Dick Aldridge
- Born:: January 19, 1941 Toronto, Ontario, Canada
- Died:: June 26, 2004 (aged 63) Tottenham, Ontario, Canada

Career information
- CFL status: National
- Position(s): LB, RB
- Height: 6 ft 0 in (183 cm)
- Weight: 198 lb (90 kg)
- College: Waterloo

Career history

As player
- 1965–1973: Toronto Argonauts
- 1974: Hamilton Tiger-Cats

= Dick Aldridge =

Richard Frederick Aldridge (January 19, 1941 – June 26, 2004) was a player in the Canadian Football League. Aldridge played linebacker and running back for the Toronto Argonauts and Hamilton Tiger-Cats from 1965 to 1974. He died of pancreatic cancer in 2004.

==College and CFL draft==
A star football and basketball player at Runnymede Collegiate Institute in Toronto, Dick Aldridge attended the University of Waterloo from 1960 to 1965, where he captained the basketball and football teams and was a three-time OUAA all-star half back.
Originally drafted by the B.C. Lions in the 1964 CFL draft, Aldridge was traded first to the Hamilton Tiger-Cats, and then, in the summer of 1965, to the Toronto Argonauts.

==Toronto==
Dick Aldridge played nine seasons for the Toronto Argonauts from 1965 to 1973, playing in virtually every game from his rookie season onwards, for a total of 117 regular season and 6 playoff games. Although a running back at university, it was as a linebacker and kick returner that he established himself in the Argonauts' line-up under head coach Bob Shaw. Subsequent coaches Leo Cahill and John Rauch continued to use Aldridge as a linebacker, and the Argonauts' defensive unit of which he was a member in these years became renowned for its effectiveness and ferocity. His team-mate Peter Martin later described him as "a great athlete who was always very fit", who "trained a lot", devoted time to watching opponents on film, and "was a true student of the game". He recovered a career total of 11 fumbles (scoring one touchdown in 1968 after a 99-yard return) and made a career total of 18 interceptions (scoring one touchdown as a rookie in 1965) in Argonauts double-blue, including a team-leading 7 interceptions in 1970. The 1969 Argonauts' squad, disgruntled about being required to play four pre-season exhibition games without pay, held a meeting at Dick Aldridge's home, where they took advice from Alan Eagleson and decided to stage a walk-out. League rules at the time prohibited owner John W, H. Bassett from paying players to play in exhibition games, and the "strike" was resolved when he agreed to pay them $60 per week for the two weeks they spent in training camp. Dick Aldridge played in the 14–11 loss to the Calgary Stampeders in the 1971 Grey Cup game in Vancouver, made notorious in Canadian sporting history by Leon McQuay's slip and fumble seven yards from the Stampeders' endzone with fewer than two minutes left in the game.

==Hamilton==
Dick Aldridge retired from the Argonauts prior to the 1974 season, after John Rauch changed the start-time for team practices from four o'clock to noon, which would have made it impossible for Aldridge to continue in his day job as a high school teacher. However, he was then contacted by Hamilton, whose practices were scheduled later in the day. He joined the Tiger-Cats for the 1974 season, playing in 10 games and making one interception, and helping the team to finish ahead of the Argonauts in the standings.

==York University==
After retiring from the CFL at the end of the 1974 season, Dick Aldridge was appointed head football coach at York University. He coached the Yeomen from 1975 to 1977, after which he coached the junior-level Etobicoke Junior Argonauts for a couple of seasons.
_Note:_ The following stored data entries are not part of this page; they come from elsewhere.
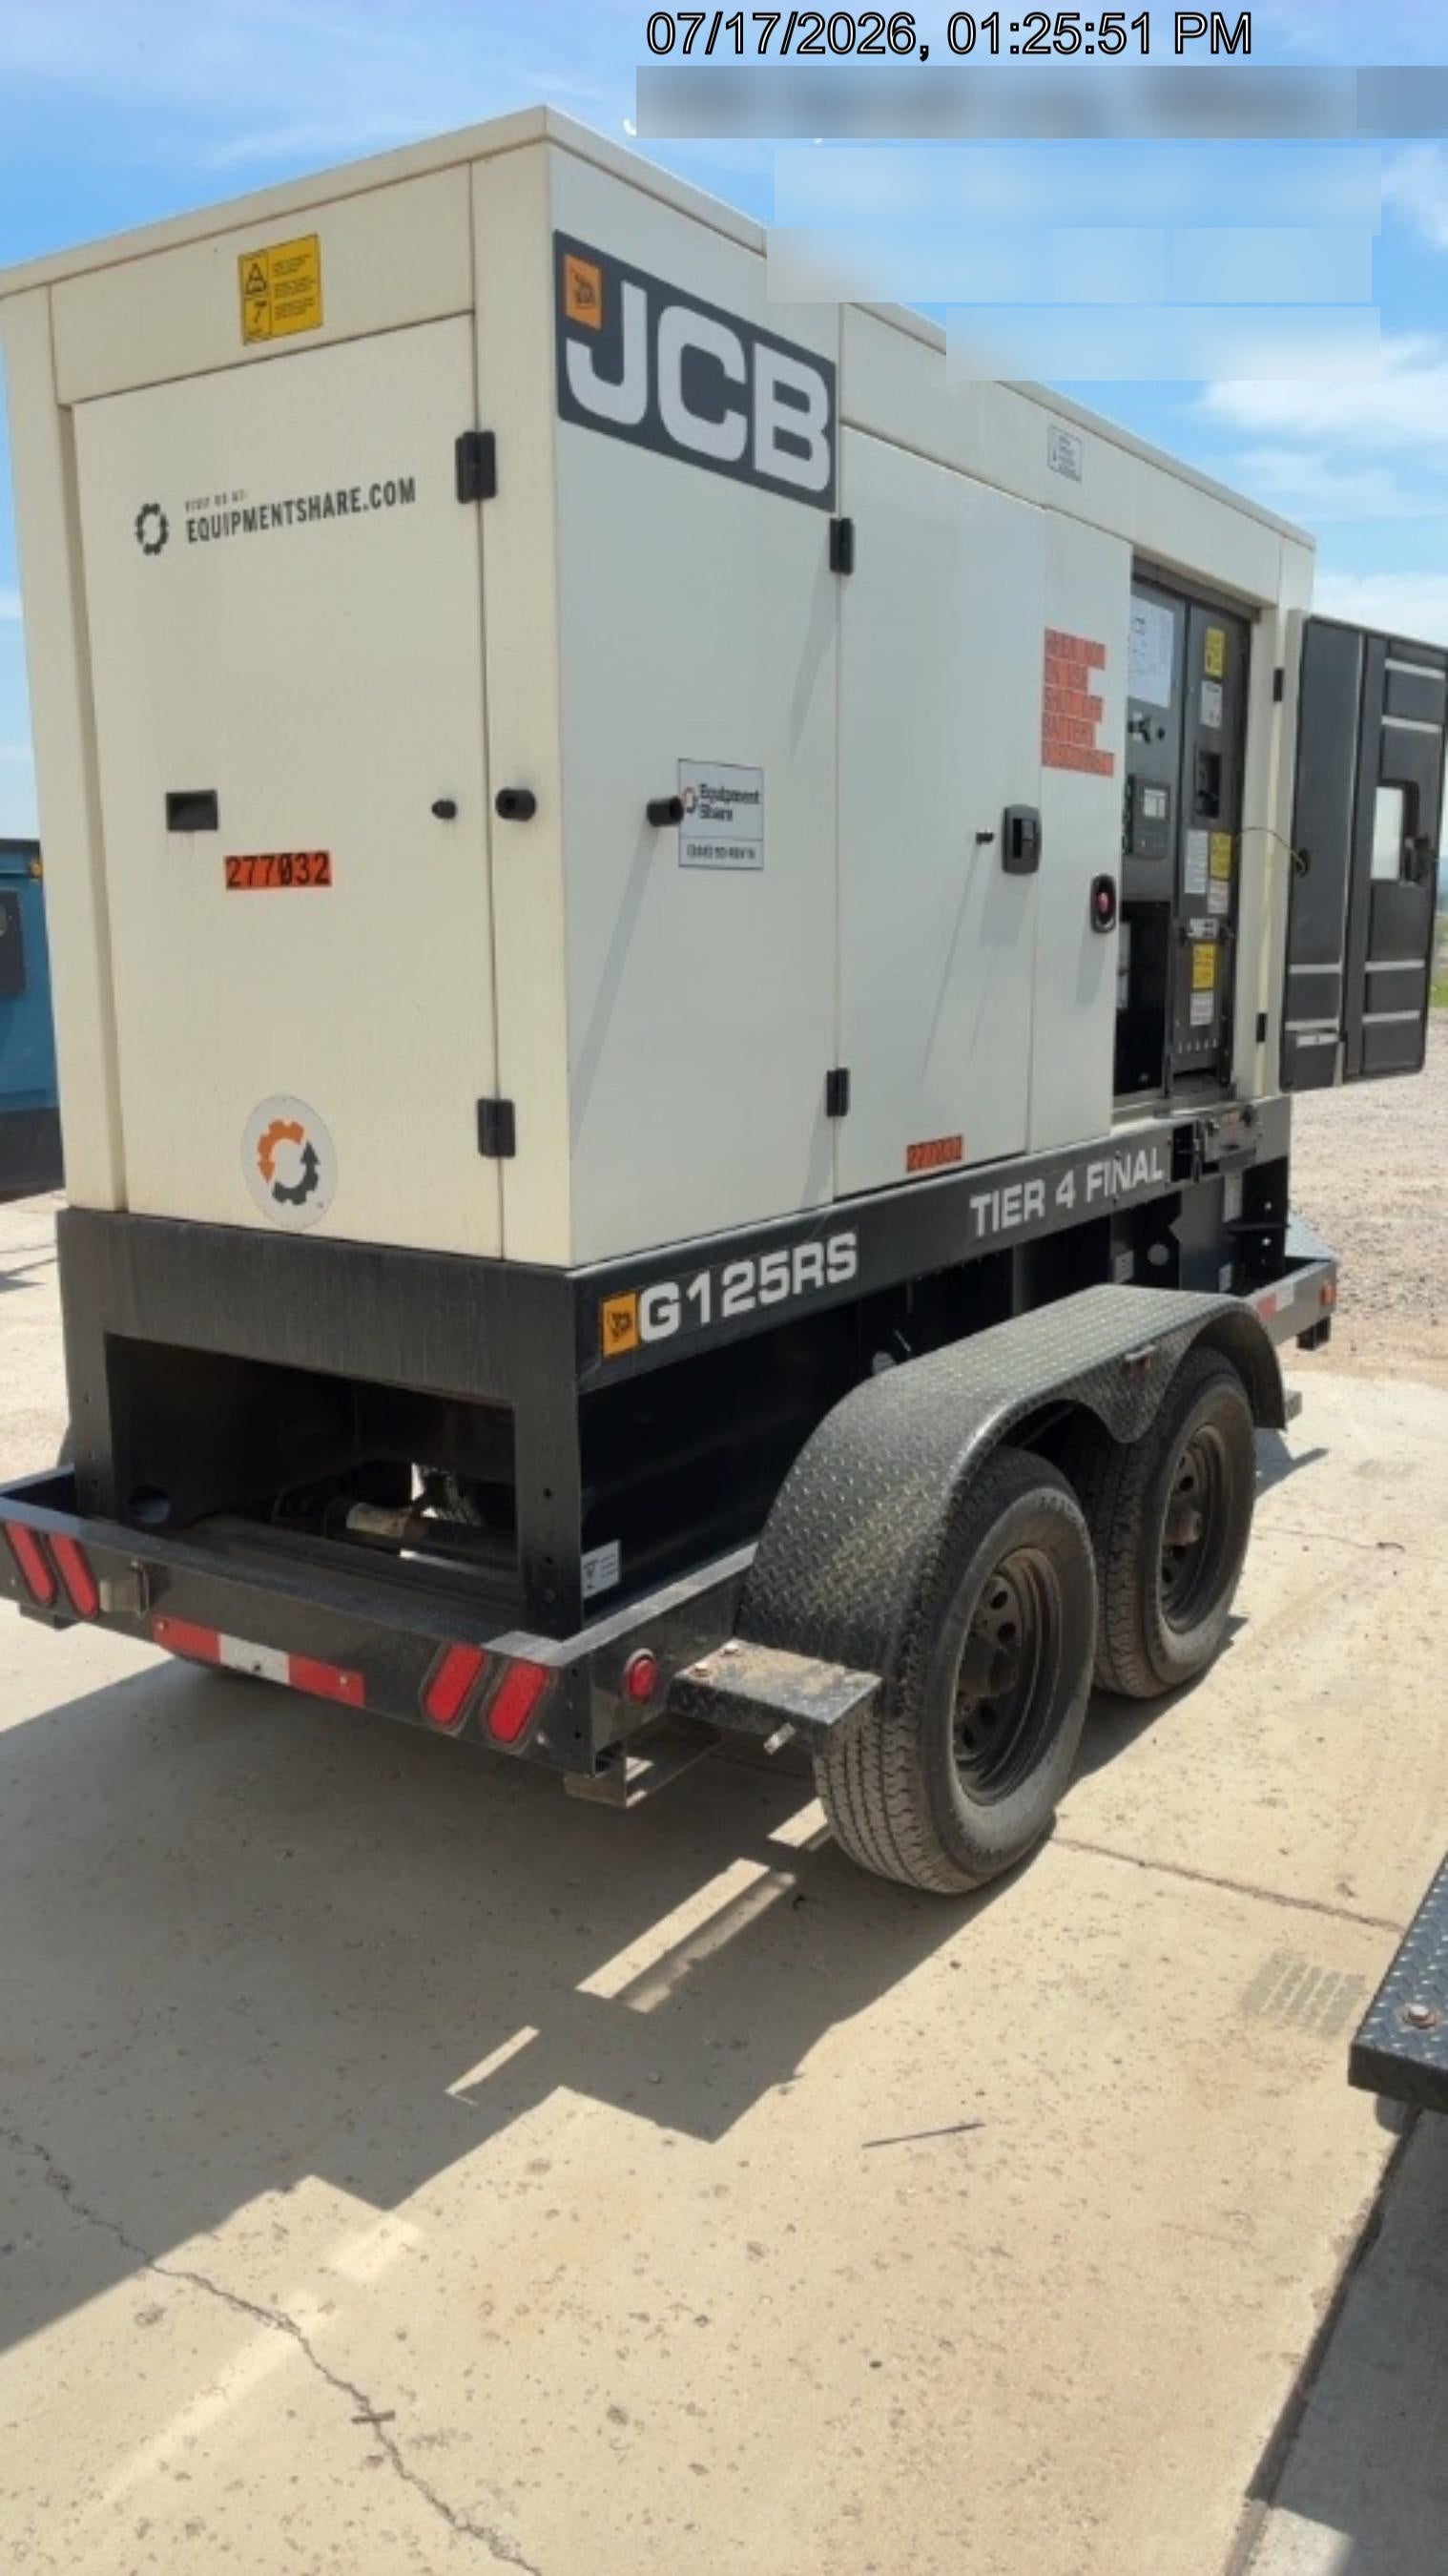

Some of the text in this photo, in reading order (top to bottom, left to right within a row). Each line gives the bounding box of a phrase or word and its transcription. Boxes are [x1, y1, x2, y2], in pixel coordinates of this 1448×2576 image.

[566, 280, 831, 492] JCB
[186, 477, 416, 544] EQUIPMENTSHARE.COM
[225, 851, 331, 888] 277032
[969, 1147, 1164, 1237] TIER 4 FINAL
[640, 1232, 857, 1343] G125RS
==High school teacher and coach==
In 1966, while playing for the Argonauts, Dick Aldridge began working as a teacher at his former high school, Runnymede Collegiate Institute. He moved to Westview Centennial Secondary School in 1968, and in 1975, his CFL playing career having ended, he moved to a new teaching position at Banting Memorial High School in Alliston, Ontario. He and his family settled in Tottenham, where they later purchased and ran the local Stedmans franchise. In addition to his teaching duties at Banting, Aldridge coached the senior boys' football and basketball teams.

==Honours==
Dick Aldridge was inducted into the Waterloo Warriors Hall in 1985. He was elected to the OUAA Legends Hall-of-Fame. He became an active member of the University of Waterloo Alumni Association, serving on its executive board.

==Personal==
Dick Aldridge married Elisabeth (Betty) Van Haastrecht in 1966 and had two children, Jodi and Rick. He died of pancreatic cancer on 26 June 2004 at his home in Tottenham. His cremated remains were interred at Mt. Tegart Cemetery in Tottenham. Following his death, Aldridge's family established and organized an annual charity golf tournament, the Dick Aldridge Charity Golf Classic, to raise funds for pancreatic cancer research. By its tenth anniversary in 2014, this event had raised over $750,000.